[Python-ideas] Allow filter(items)

Andrew Barnert abarnert at yahoo.com
Wed Aug 7 22:54:19 CEST 2013


On Aug 7, 2013, at 10:31, Terry Reedy <tjreedy at udel.edu> wrote:

> On 8/7/2013 6:01 AM, Alexander Belopolsky wrote:
> 
>> From Guido's time machine comes a pronouncement:
> <http://bugs.python.org/issue2186#msg63026>.
> 
> As Raymond points out in a later message, it is standard in Python for None passed to a function to mean 'no argument, do something that does not require an value for this parameter'. It does not mean 'use a value of None for this parameter and do with None whatever would be done with any other value'.
> 
> Usually, only trailing parameters are allowed to be given None and then it is given in the definition as a default.
>  def f(a, b=None, c=None): pass
> can be called f(x), f(x, y), f(x, y, z), and f(x, None, z) or f(x, c=z).
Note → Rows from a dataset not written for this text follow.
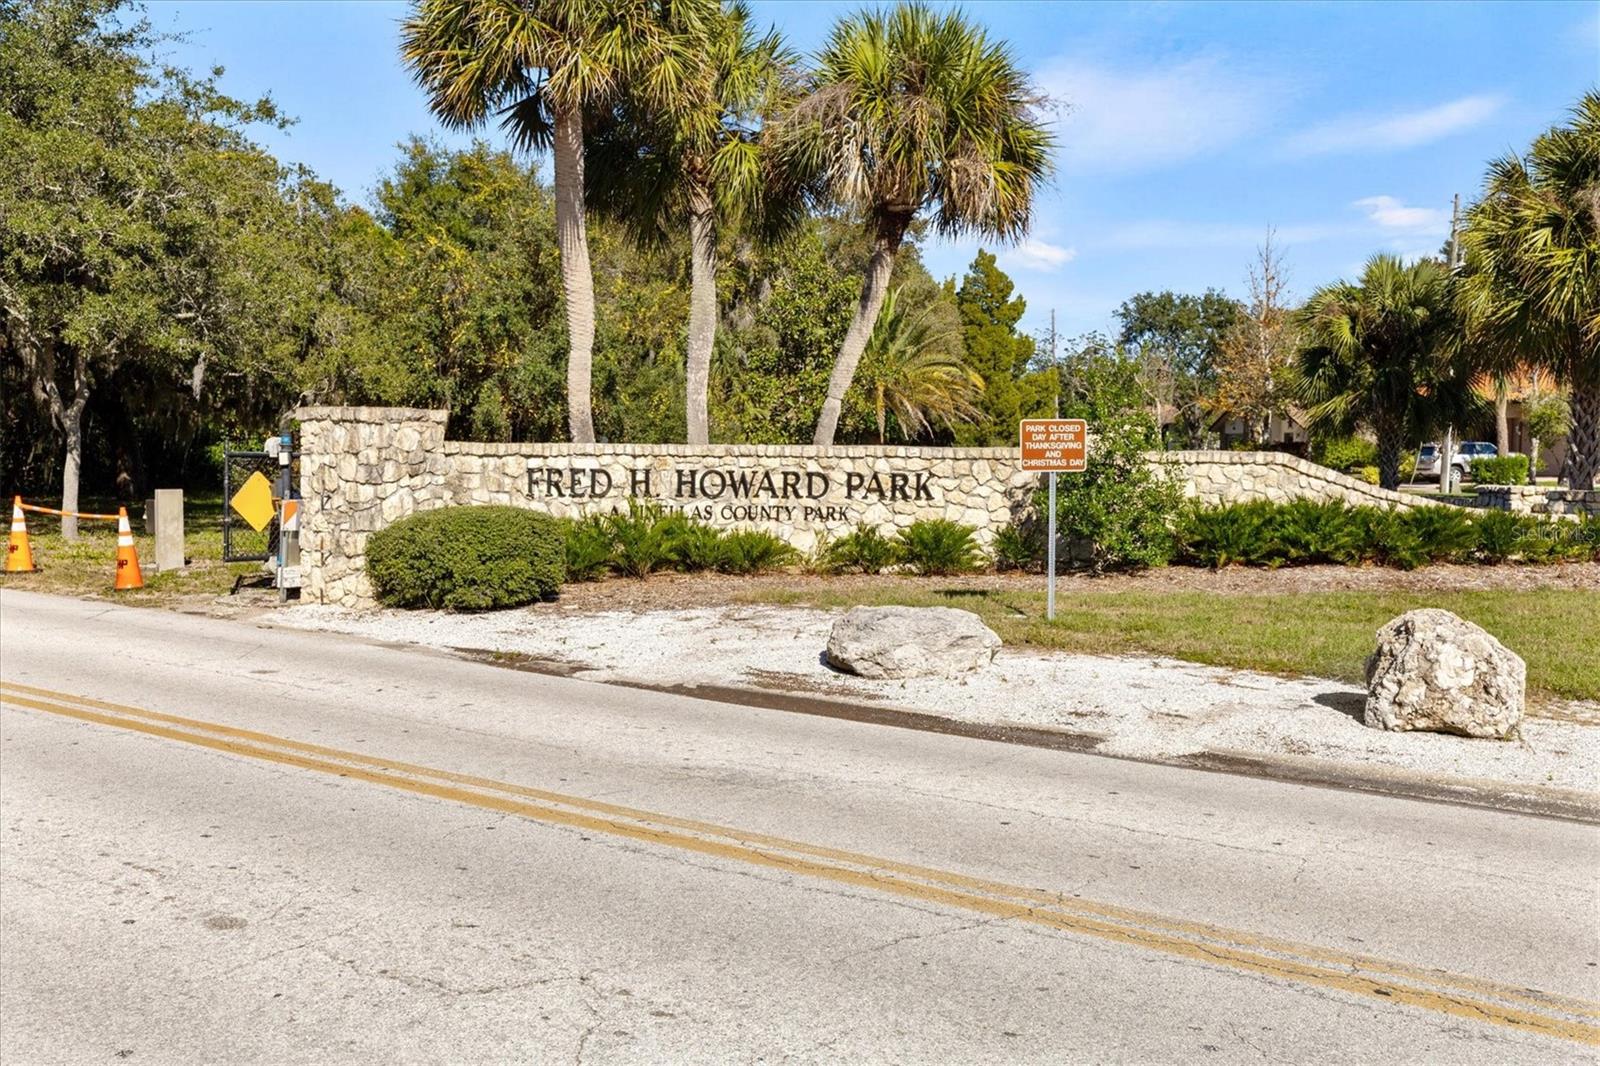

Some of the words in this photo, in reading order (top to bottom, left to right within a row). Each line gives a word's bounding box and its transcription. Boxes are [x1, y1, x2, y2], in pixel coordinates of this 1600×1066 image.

[526, 468, 613, 499] FRED
[630, 468, 661, 499] H.
[675, 469, 831, 500] HOWARD
[845, 471, 935, 502] PARK
[720, 505, 797, 522] COUNTY
[803, 506, 850, 523] PARK
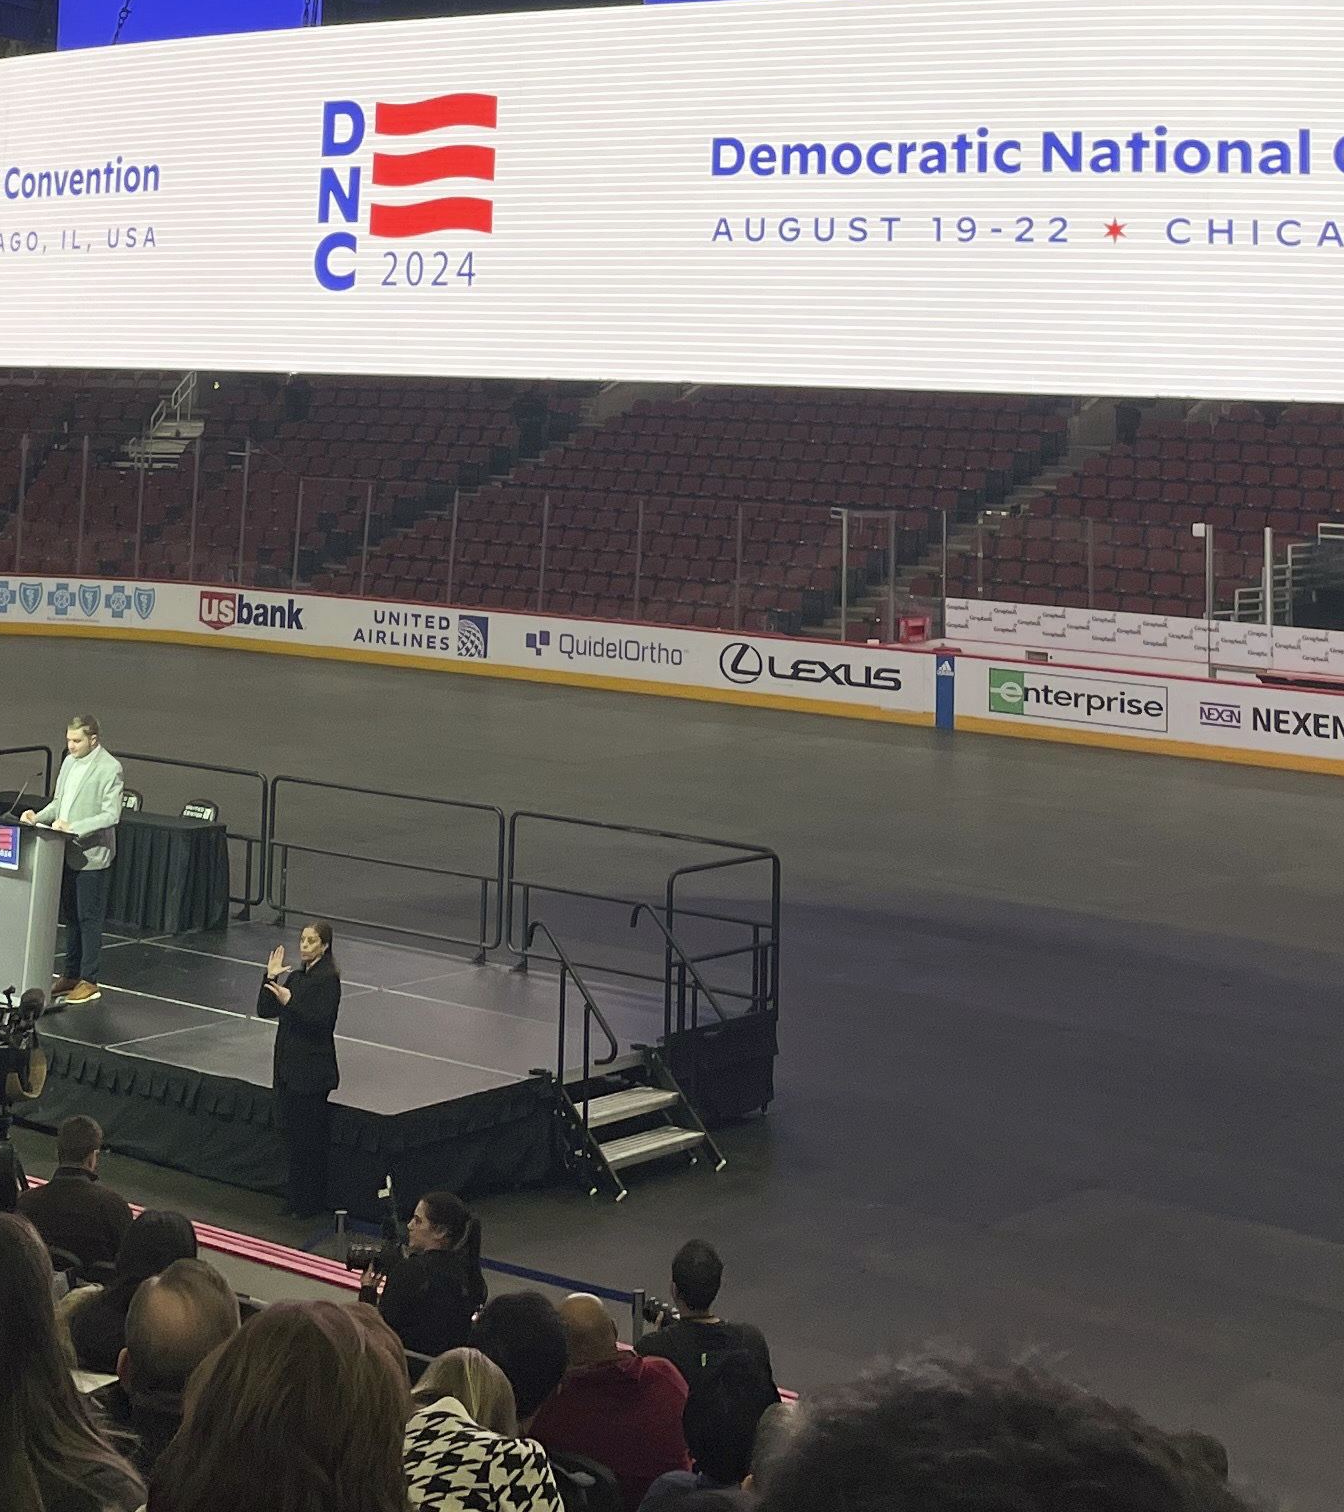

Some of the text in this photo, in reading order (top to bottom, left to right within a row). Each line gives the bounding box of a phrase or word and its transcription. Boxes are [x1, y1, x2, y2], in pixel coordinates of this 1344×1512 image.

[709, 125, 1024, 178] Democratic
[1041, 124, 1312, 175] National
[3, 155, 161, 202] Convention
[107, 226, 158, 250] USA
[711, 216, 903, 245] AUGUST
[930, 215, 1072, 245] 19-22
[379, 249, 477, 288] 2024
[372, 608, 452, 632] UNITED
[352, 627, 452, 652] AIRLINES
[558, 632, 684, 668] QuidelOrtho
[768, 658, 903, 692] LEXUS
[997, 678, 1166, 720] enterprise
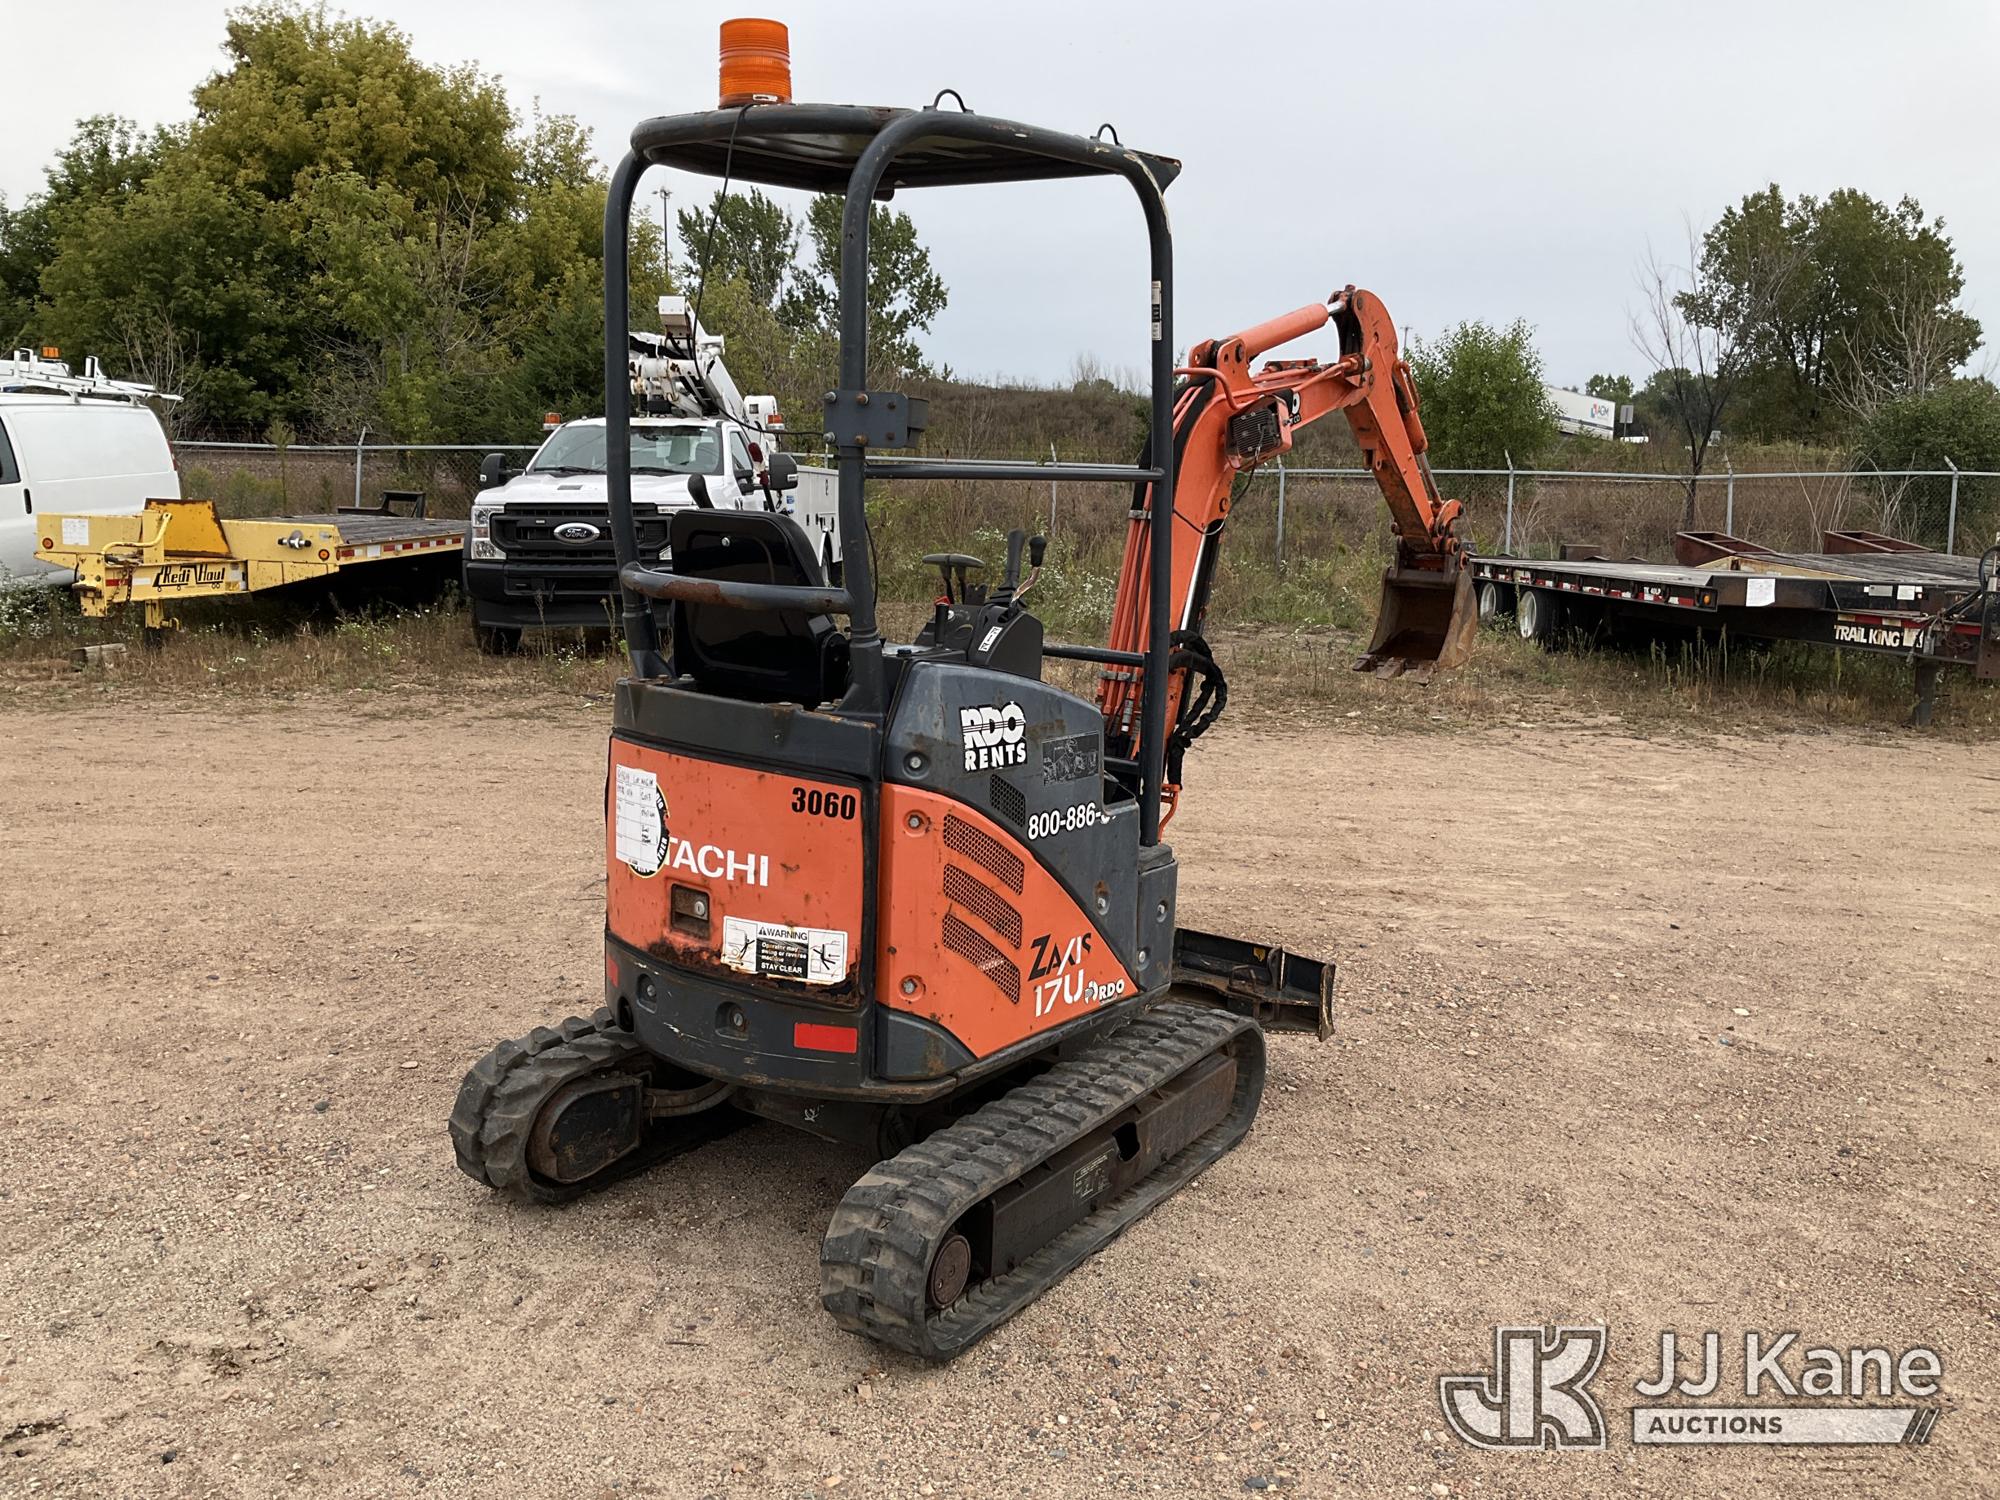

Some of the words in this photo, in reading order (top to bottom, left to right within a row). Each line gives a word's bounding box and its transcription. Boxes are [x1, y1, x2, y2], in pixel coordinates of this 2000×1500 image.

[565, 528, 587, 538] Ford
[162, 565, 191, 584] Redi
[198, 563, 226, 582] Haul
[960, 701, 1026, 749] RDO
[964, 742, 1027, 771] RENTS
[791, 787, 856, 820] 3060
[664, 836, 769, 886] TACHI
[767, 928, 808, 940] WARNING
[761, 962, 779, 970] STAY
[779, 964, 803, 972] CLEAR
[1034, 968, 1084, 1017] 17U
[1098, 978, 1125, 1001] RDO
Because of the last option, there is never a need for the user to explicitly pass None.
> 
> What is unusual about filter is not the use of None to mean 'no argument, behave differently', but the need for it to be written explicitly by the caller to get the null behavior. 

There are other functions like that. For example, to set a max split, but still get the default behavior of splitting on any whitespace instead of a specific character, you have to write s.split(None, 2).

I'm not suggesting that it's an ideal design, just that it's not uniquely special to filter.